At the entry to Paradise T.S. Eliot tries to sell us Dante's pageant as a "higher dream" of spiritual beauty. Must be me, but a three eyed woman is a troubling sight. So are wings polka-dotted with wide open eyes, or green and crimson skin pigmentations. And this is just the beginning. Subsequently, Dante's encounter with his immutable sweetheart turns into a real nightmare, and despite best efforts by the poet, the two never really warm up to each other. Of course, this is a carnival of allegories and we have learned to frown on allegory (but Kafka does it all the time). However in the end it comes all together in a visualization of meticulous accuracy and sensual presence. Dante is still the undisputed Lord of Fantasy. (On a more mundane level, his poem is of course a clever way of writing libel against his political foes.)

 

A final observation: Poor Francesca who ended in hell for loving much, says: "if only the King of the Universe had been our friend ..." It echoes the Iliad, of which Dante himself had no first hand knowledge: "Gods make dangerous company." There is more in this vein and the 3rd part even opens with an invocation of the pagan god Apollo. Maybe it is merely a convention of learned poetry - but I wonder: why here of all places, at the entrance to Paradise? And what shall we think of this monumental idolatry, which Dante lavished on his fish-blooded sweetheart, (who in real life was neither the first nor the last girl who kept the money in the family and married a banker instead of a poet?) The author seems to hold out on us. He revives conventions of bygone days, which had been condemned as heresies wenn this type of poetry was common fare at the "love-courts" in the Languedoc.

 

So, how can a reader with English as his only language get an authentic taste of Dante? I am sure, it could be done to produce an englished Dante in terza rima of utmost clarity and a bearable minimum of padding, but it would take a bilingual and very talented translator and a publisher willing to subsidize a lifelong and single-minded effort. I don't see it happen. So for now, paradoxically, only an accurate prose translation, will preserve the essentials of Dante's poetic substance - his accurate visuals and the wealth of sub-textual counterpoints.

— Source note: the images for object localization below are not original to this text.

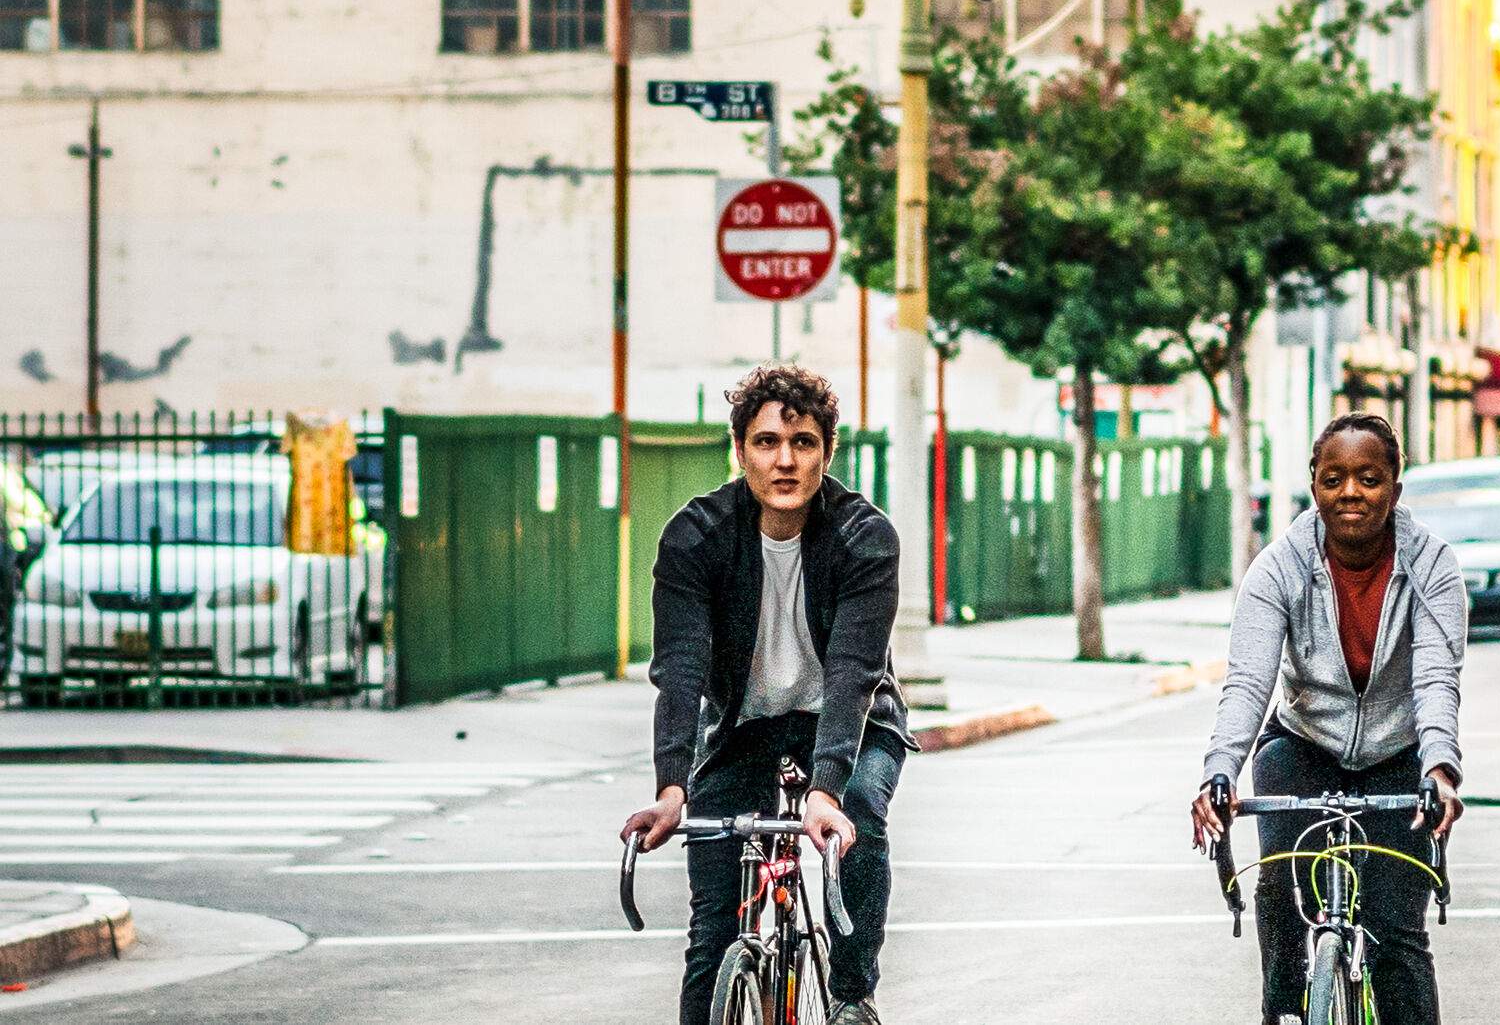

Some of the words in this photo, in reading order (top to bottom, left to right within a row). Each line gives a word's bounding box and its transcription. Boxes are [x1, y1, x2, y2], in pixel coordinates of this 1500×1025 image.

[733, 202, 763, 224] DO
[777, 202, 817, 224] NOT
[742, 257, 812, 279] ENTER
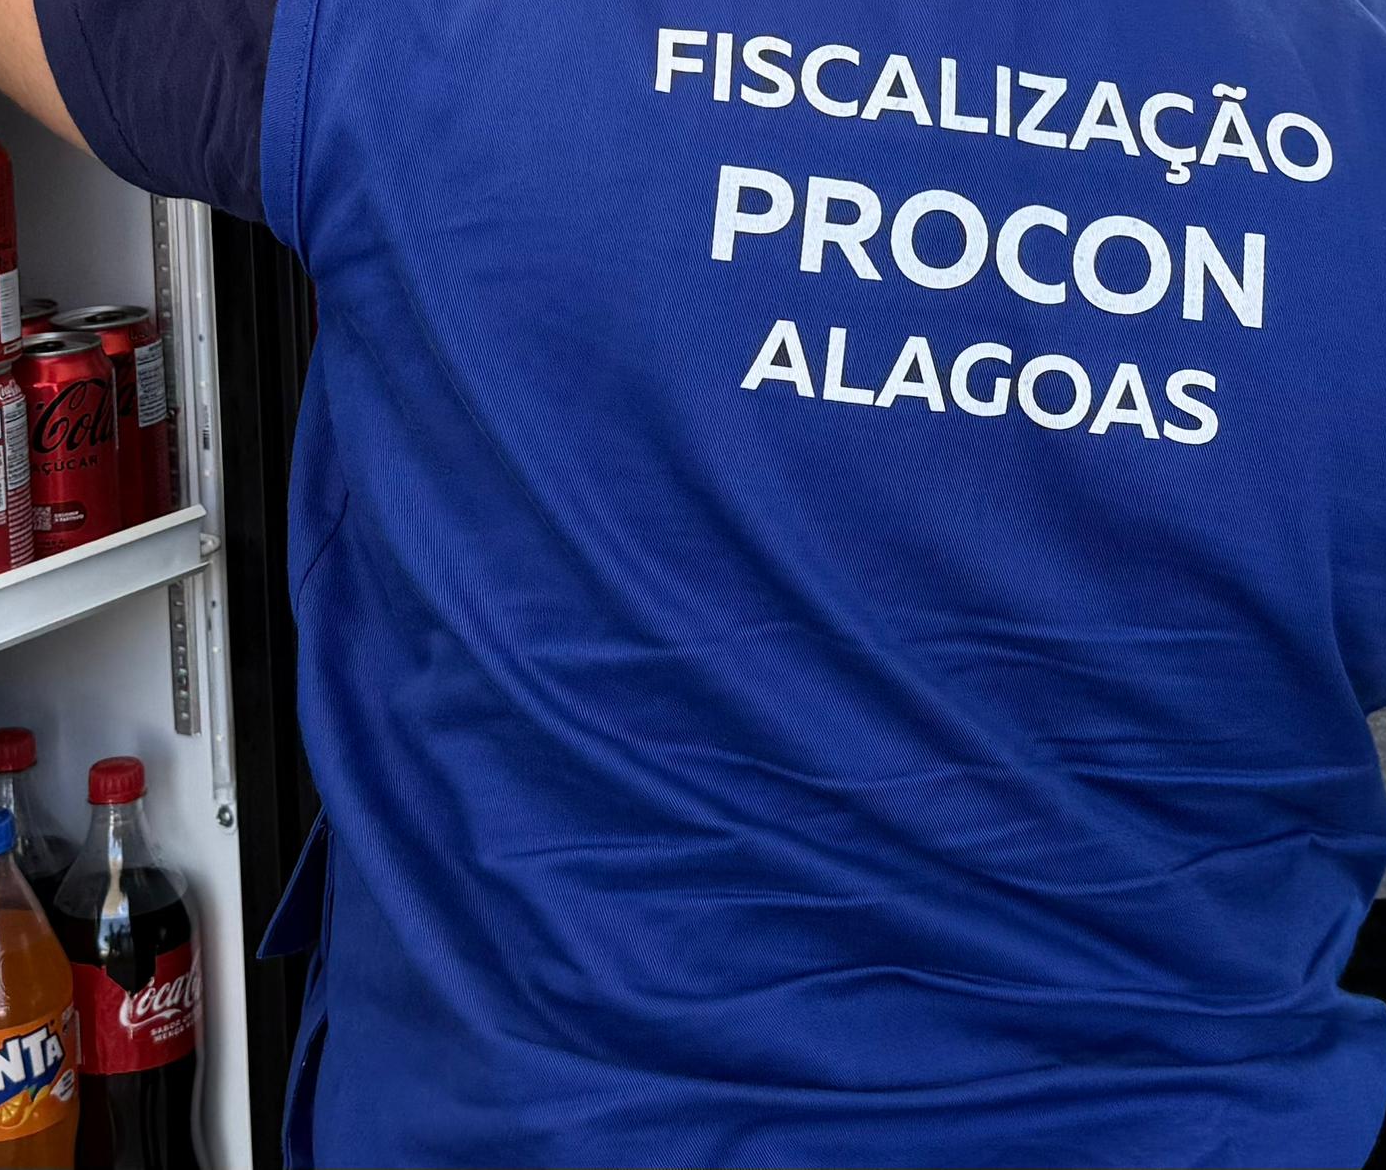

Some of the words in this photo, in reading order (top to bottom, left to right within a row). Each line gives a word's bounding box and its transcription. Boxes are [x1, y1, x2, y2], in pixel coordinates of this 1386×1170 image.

[654, 28, 1333, 184] FISCALIZAÇÃO
[711, 164, 1266, 329] PROCON
[740, 319, 1217, 444] ALAGOAS

A Miltonian barrage of "thee" and "thou" will not do. Durling's translation is very good, Singleton's still the staple, Hollander's rendition appears even to preserve many of the Italian rhyme words. They do not resonate in English, but their position at the closing of a line allows to see how their semantics toss on the ball to their companions. Pinsky is only for fans who want to read Pinsky, not Dante.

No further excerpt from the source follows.